**REQUIRED WORK**
Without including any pictures, return the records below exactly as written.

**MATERIAL FOR THIS TASK**

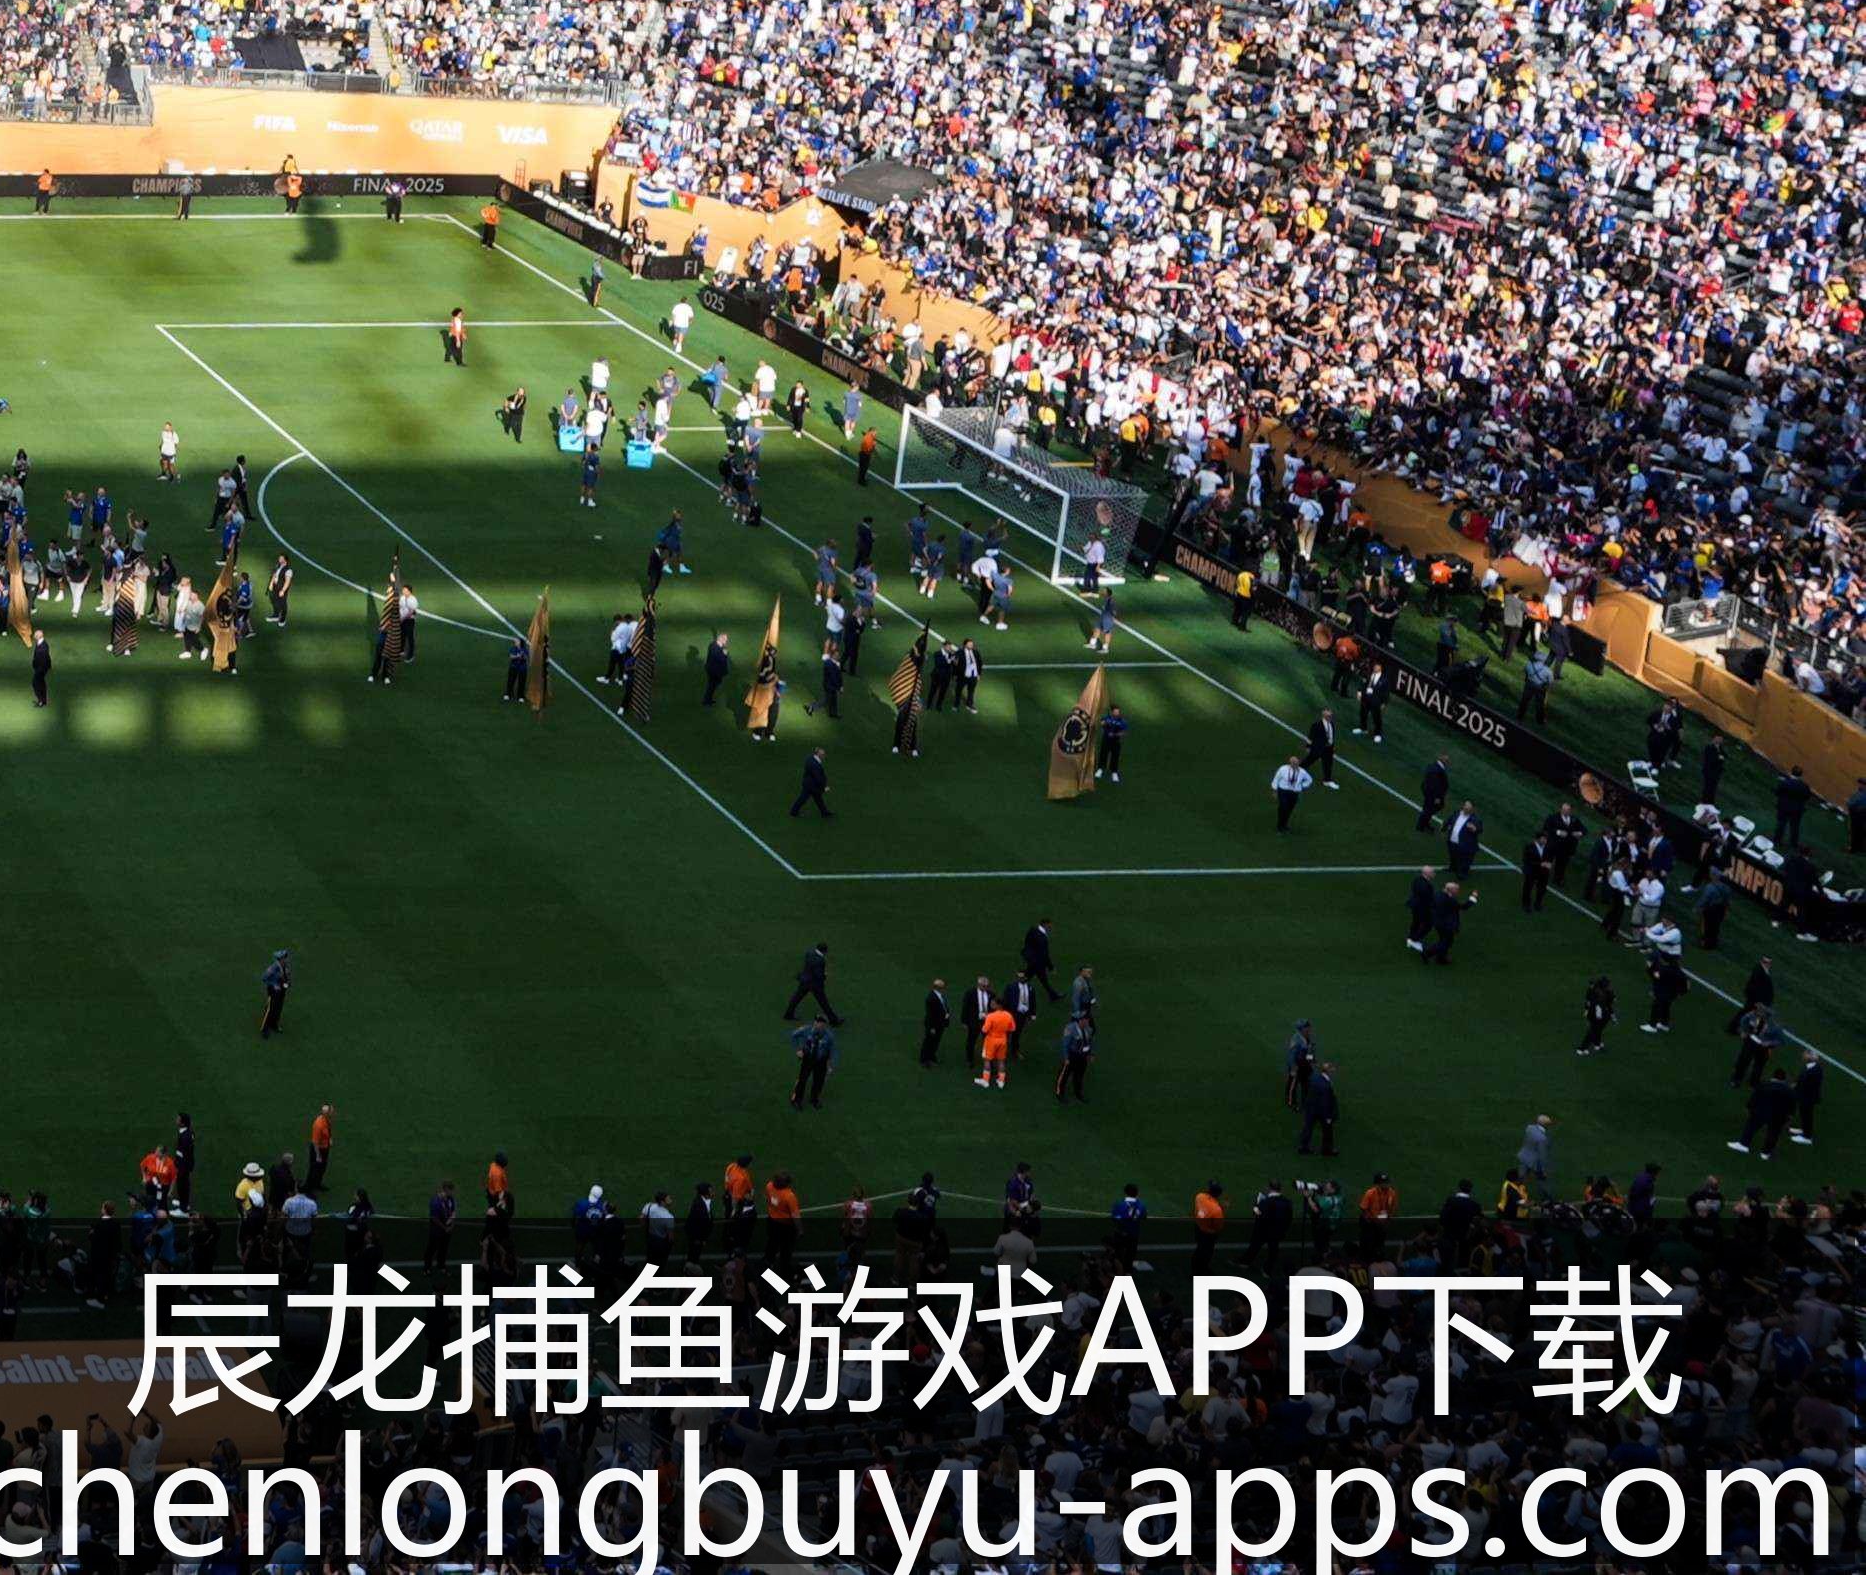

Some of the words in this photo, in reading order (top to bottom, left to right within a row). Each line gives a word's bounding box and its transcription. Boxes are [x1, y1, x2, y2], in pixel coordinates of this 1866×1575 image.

[252, 115, 297, 132] FIFA
[497, 125, 549, 144] VISA
[353, 178, 390, 194] FINA
[406, 178, 446, 195] 2025
[1175, 544, 1237, 595] CHAMPION
[1396, 669, 1454, 721] FINAL
[1457, 703, 1507, 748] 2025
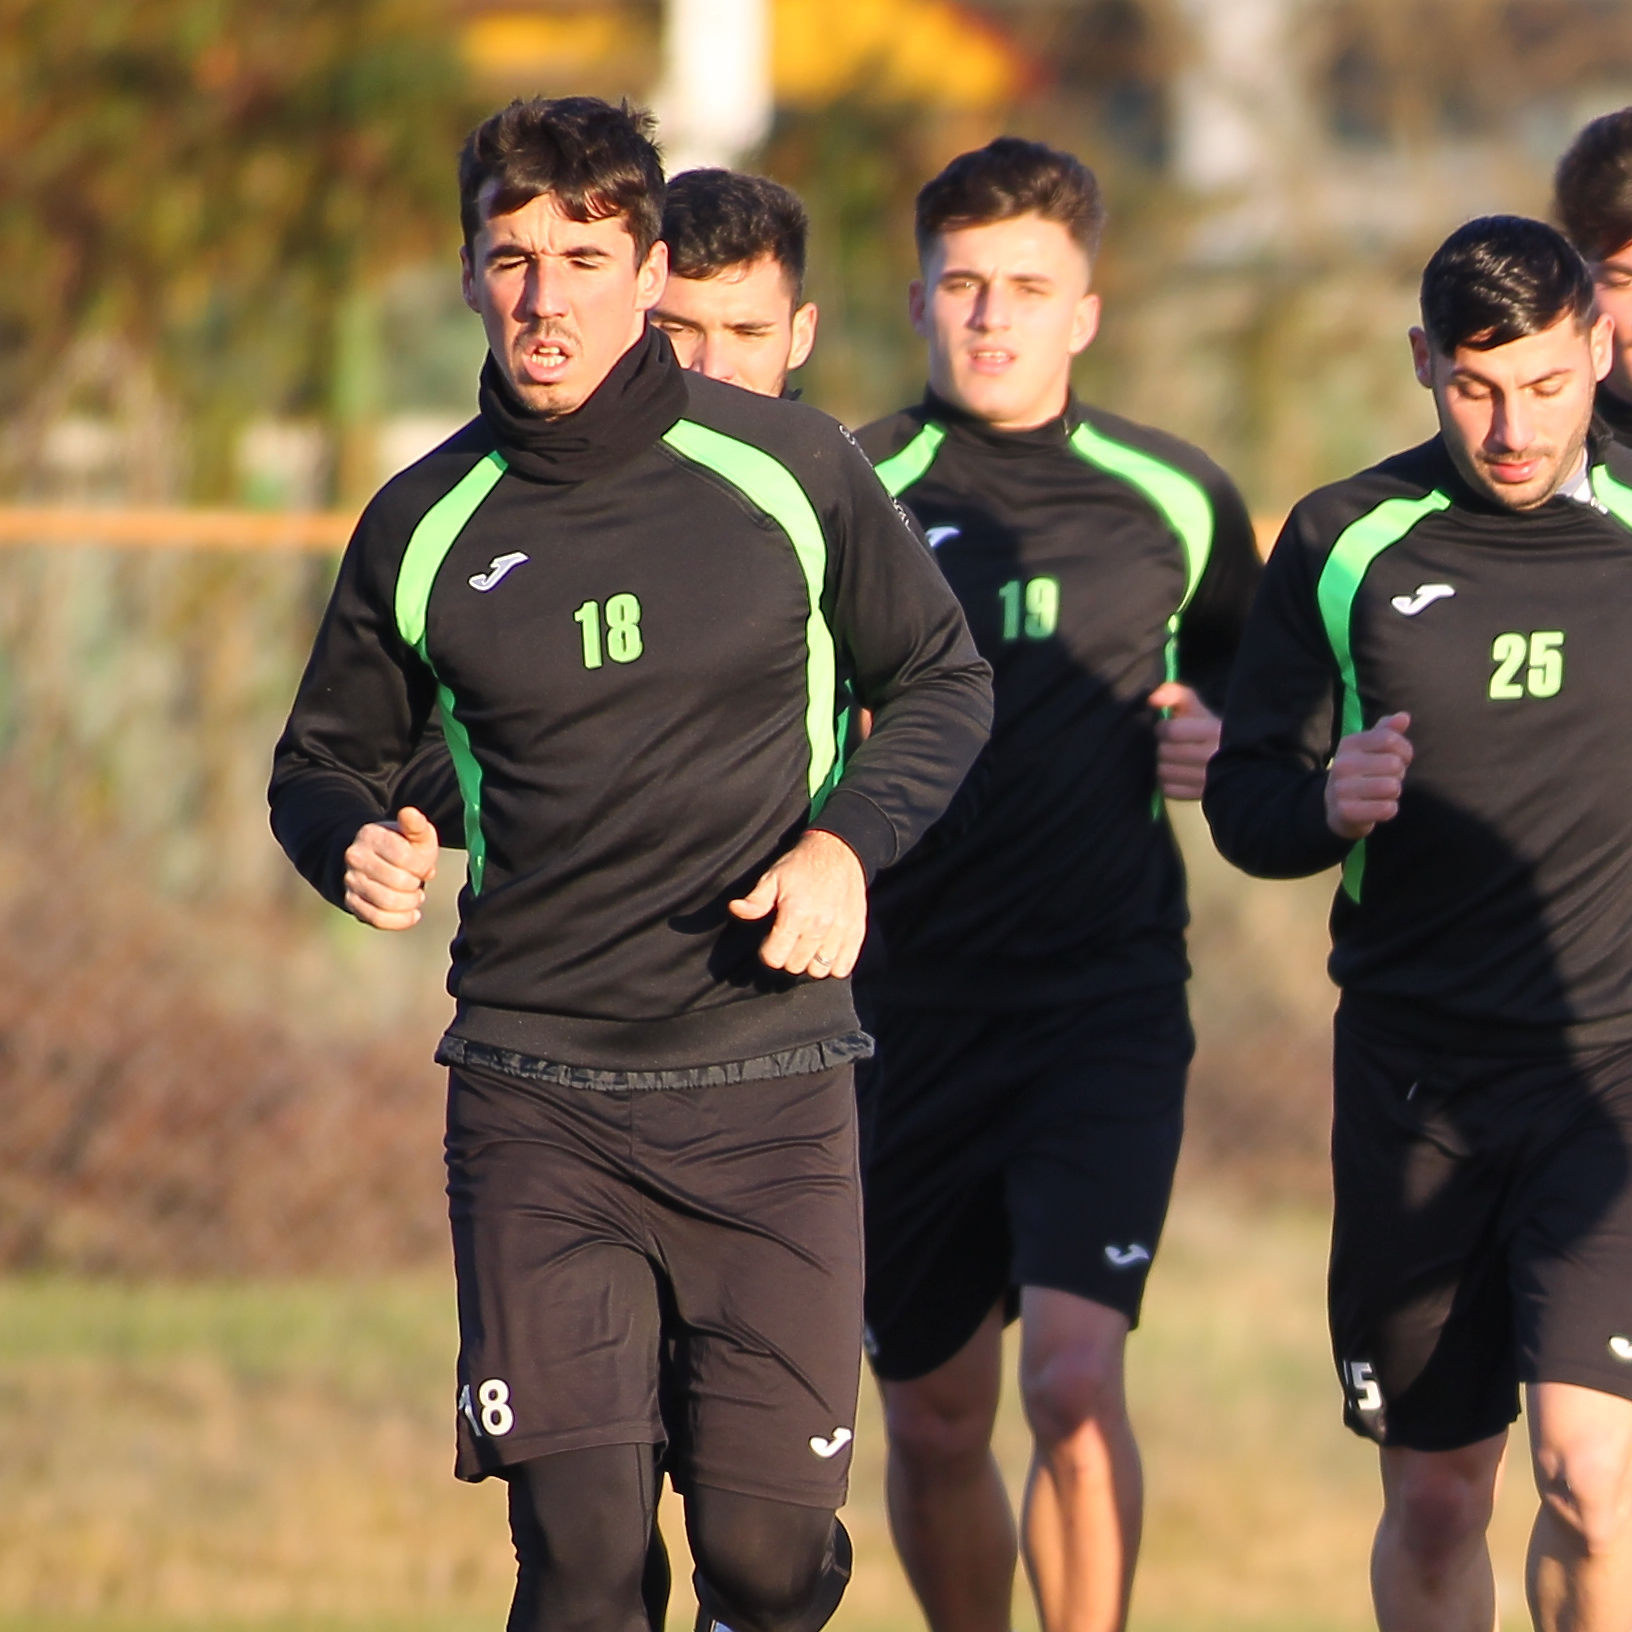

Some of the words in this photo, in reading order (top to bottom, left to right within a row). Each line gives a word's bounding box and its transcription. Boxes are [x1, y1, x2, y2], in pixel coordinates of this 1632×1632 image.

**RESPONSE TO THIS EXERCISE**
Some of the words in this photo, in reading order (top to bottom, left to right within a row). Each line gives a word's bounding box and its transcription. Boxes are [x1, y1, x2, y2], in pixel coordinates of this 1866×1575 image.

[252, 115, 297, 132] FIFA
[497, 125, 549, 144] VISA
[353, 178, 390, 194] FINA
[406, 178, 446, 195] 2025
[1175, 544, 1237, 595] CHAMPION
[1396, 669, 1454, 721] FINAL
[1457, 703, 1507, 748] 2025

Some of the words in this photo, in reading order (top to bottom, left to right within a row). Each line gives a word's bounding box and its transcription. Boxes are [x1, y1, x2, y2], in pixel coordinates of this 1632×1632 image.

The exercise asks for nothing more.